Me Guy Pratte de BLG, accepte difficilement le jugement de la Cour suprême
Me Guy Pratte de BLG, accepte difficilement le jugement de la Cour suprême
«Au plan du droit nous avons peut-être perdus, mais nous avons gagné l’intérêt du public envers ses mesures discriminatoires. » Voilà la conclusion de Me Guy Pratte, de BLG, qui accepte difficilement le jugement de la Cour suprême.

Comme dans toute défaite, il faut laisser cicatriser les blessures, explique calmement l’avocat, joint au bout du fil.
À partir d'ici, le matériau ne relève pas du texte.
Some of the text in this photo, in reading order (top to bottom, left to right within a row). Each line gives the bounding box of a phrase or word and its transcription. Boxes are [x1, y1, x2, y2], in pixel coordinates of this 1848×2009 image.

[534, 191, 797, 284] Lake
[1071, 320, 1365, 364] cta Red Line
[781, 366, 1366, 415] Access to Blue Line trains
Malgré la grande déception, l’espoir de voir le débat se poursuivre semble lui remonter le moral.

Il rappelle que le plus haut tribunal du pays a rendu un verdict partagé, et espère que cette courte majorité permette aux législateurs de se poser certaines questions.
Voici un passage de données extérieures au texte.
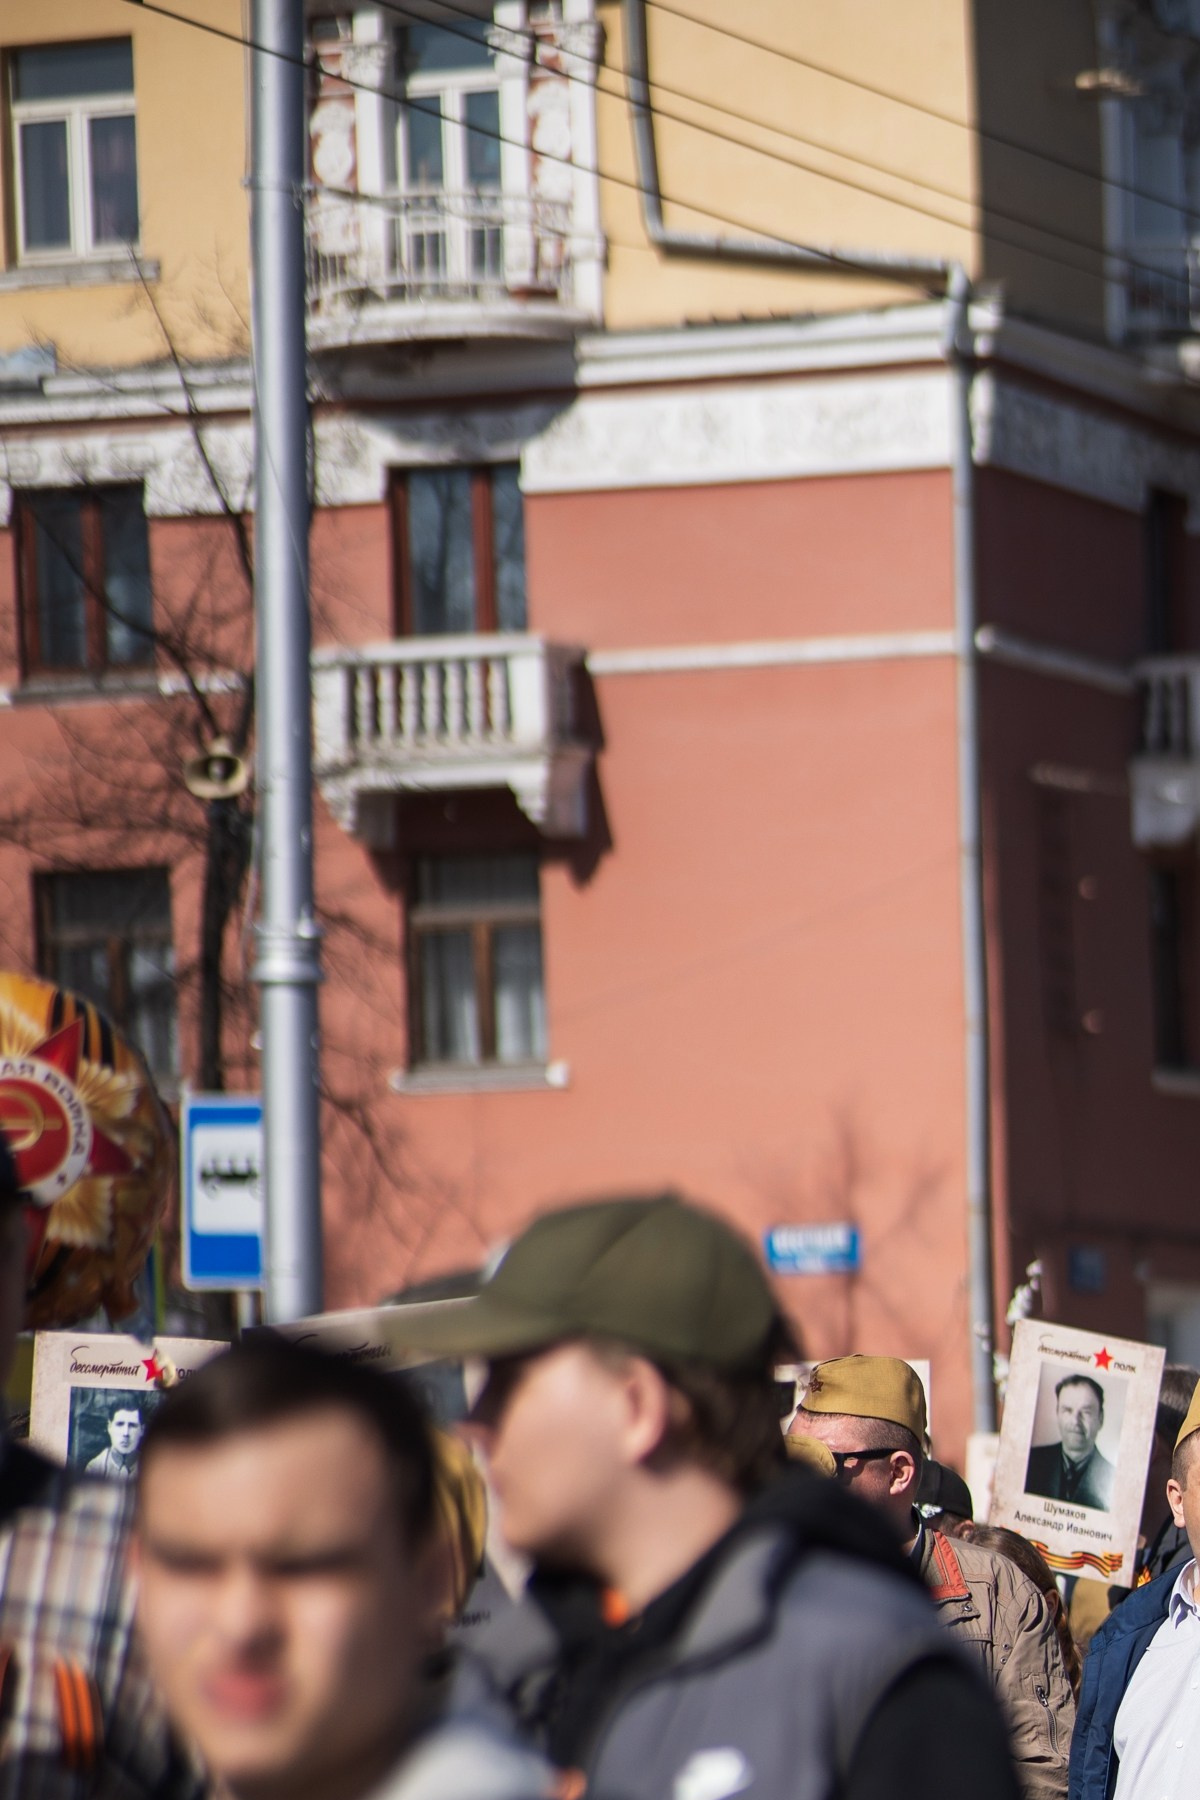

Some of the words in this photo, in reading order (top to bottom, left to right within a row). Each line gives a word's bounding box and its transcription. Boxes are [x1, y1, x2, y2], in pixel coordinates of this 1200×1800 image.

[69, 1345, 140, 1378] бессмертный
[1114, 1361, 1136, 1373] полк
[1044, 1501, 1086, 1520] Шумаков
[1014, 1510, 1064, 1532] Александр
[1066, 1522, 1112, 1541] Иванович
Pour Me Pratte, c’est maintenant aux acteurs politiques de réfléchir aux conclusions de 3 juges de la Cour d’appel et de 4 juges de la Cour suprême qui ont statué que l’approche conçue pour les conjoints de fait est discriminatoire.
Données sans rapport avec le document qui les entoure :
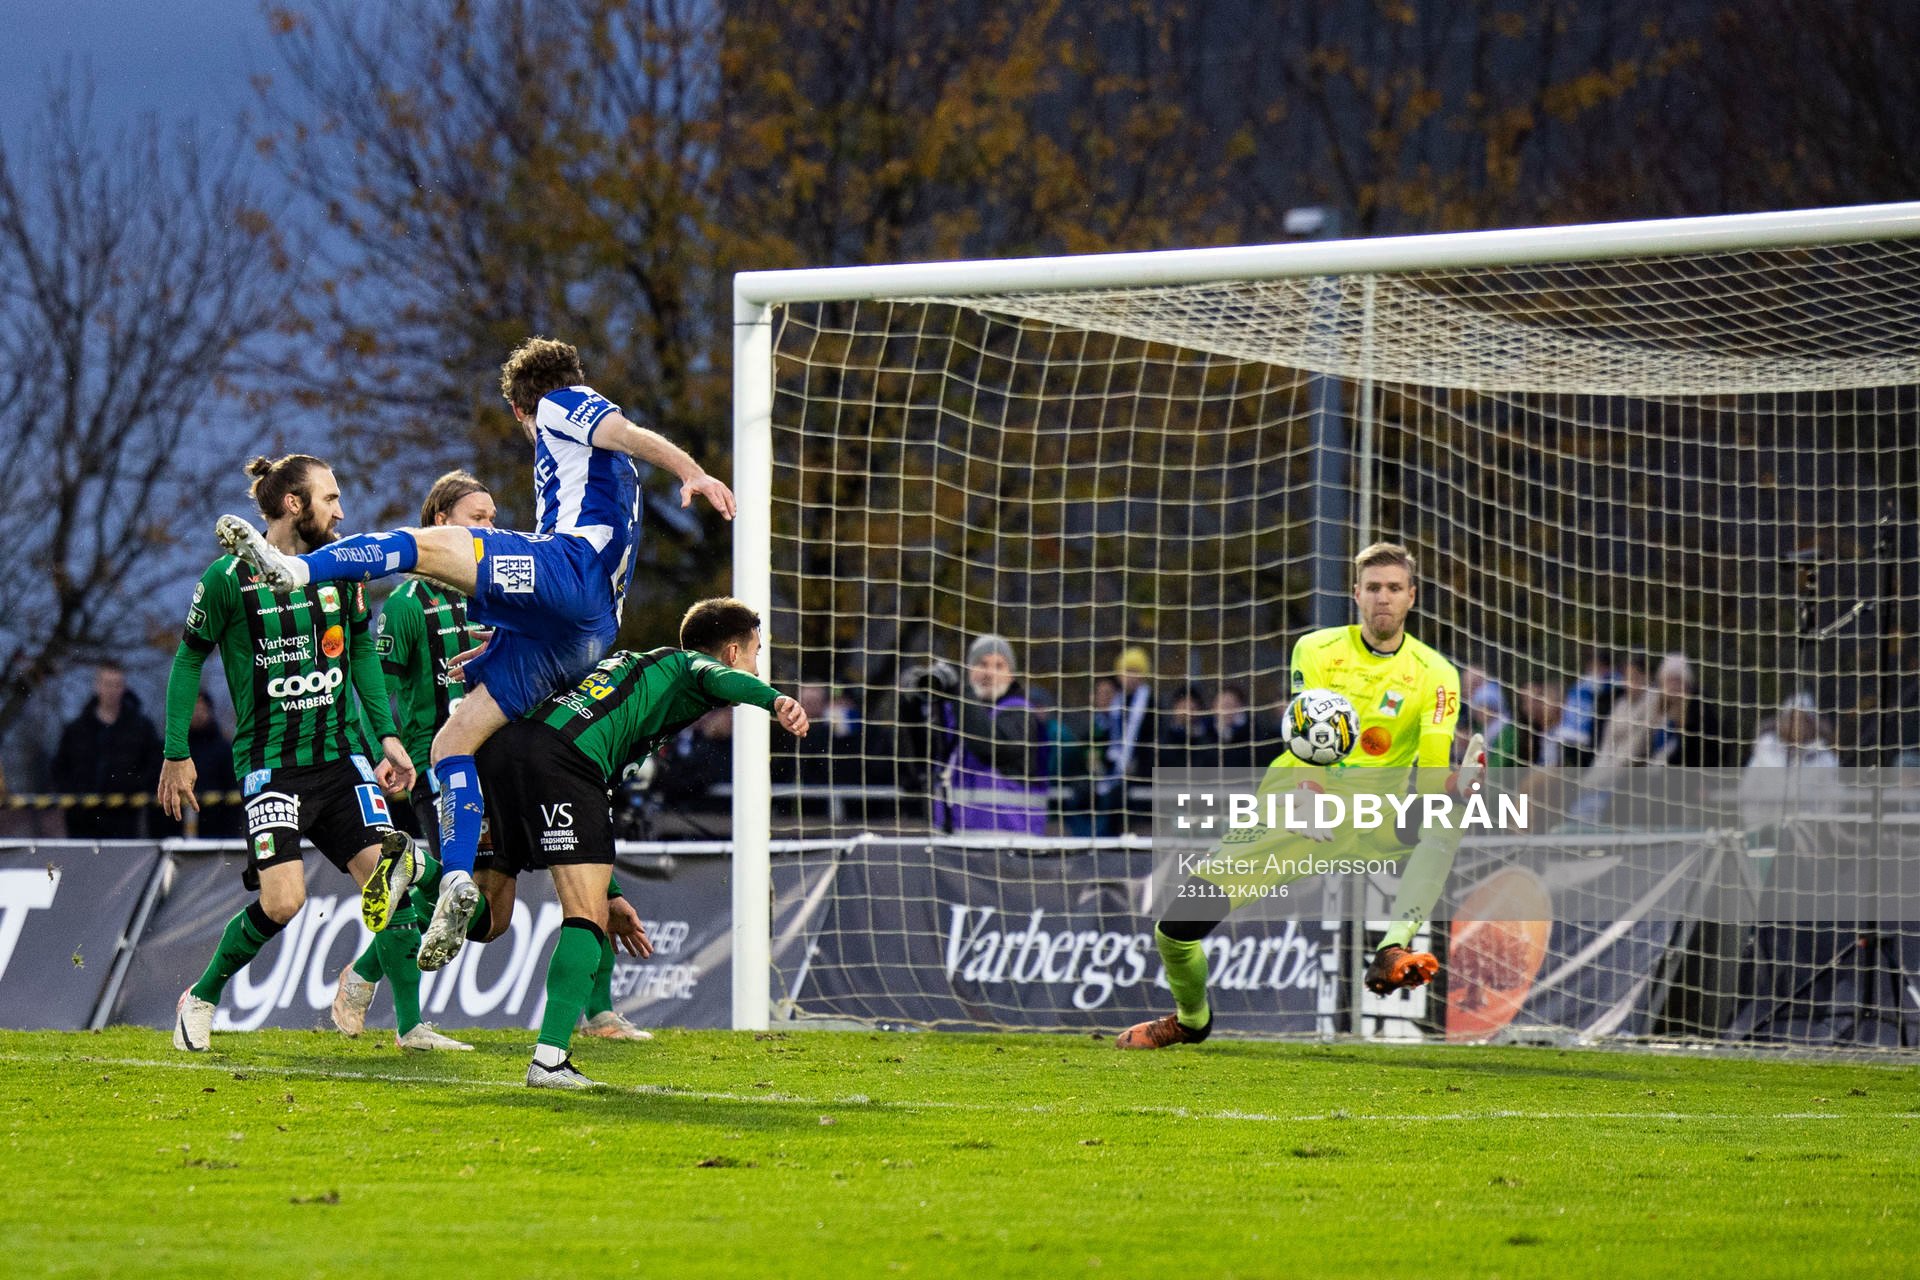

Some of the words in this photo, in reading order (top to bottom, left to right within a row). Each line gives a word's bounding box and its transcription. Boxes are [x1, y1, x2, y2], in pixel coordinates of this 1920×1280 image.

[508, 559, 520, 590] EKT
[520, 558, 532, 587] EFF
[258, 634, 310, 651] Varbergs
[255, 648, 312, 669] Sparbank
[281, 693, 335, 711] VARBERG
[540, 803, 574, 828] VS
[540, 837, 579, 845] STADSHOTELL
[543, 829, 574, 838] VARBERGS
[562, 844, 575, 852] SPA
[945, 904, 1151, 1010] Varbergs
Pour Me Mark Phillips, c'est l'un des dossiers les plus difficiles de sa carrière
Pour Me Mark Phillips, c'est l'un des dossiers les plus difficiles de sa carrière
« Il leur revient de déterminer les meilleurs moyens de protéger les Québécois qui risquent d’être laissés pour compte lors d’une séparation. »

Le Québec est une société distincte, reconnaît-il, mais pourquoi se fait-il que dans neuf autres provinces, les pensions alimentaires soient assurées? Les gens ont besoin de protection, répète le juriste.

Ce dossier, qu’il referme avec un peu d’amertume, a été un défi intellectuel. « La jurisprudence aux niveaux des droits et égalités est très complexe, et elle se nuance au cours des décisions. »

« L’affaire Éric c. Lola, c’est l’un des dossiers les plus difficiles de sa carrière », conclut-il, en rappelant le rôle important de son collègue Me Mark Phillips.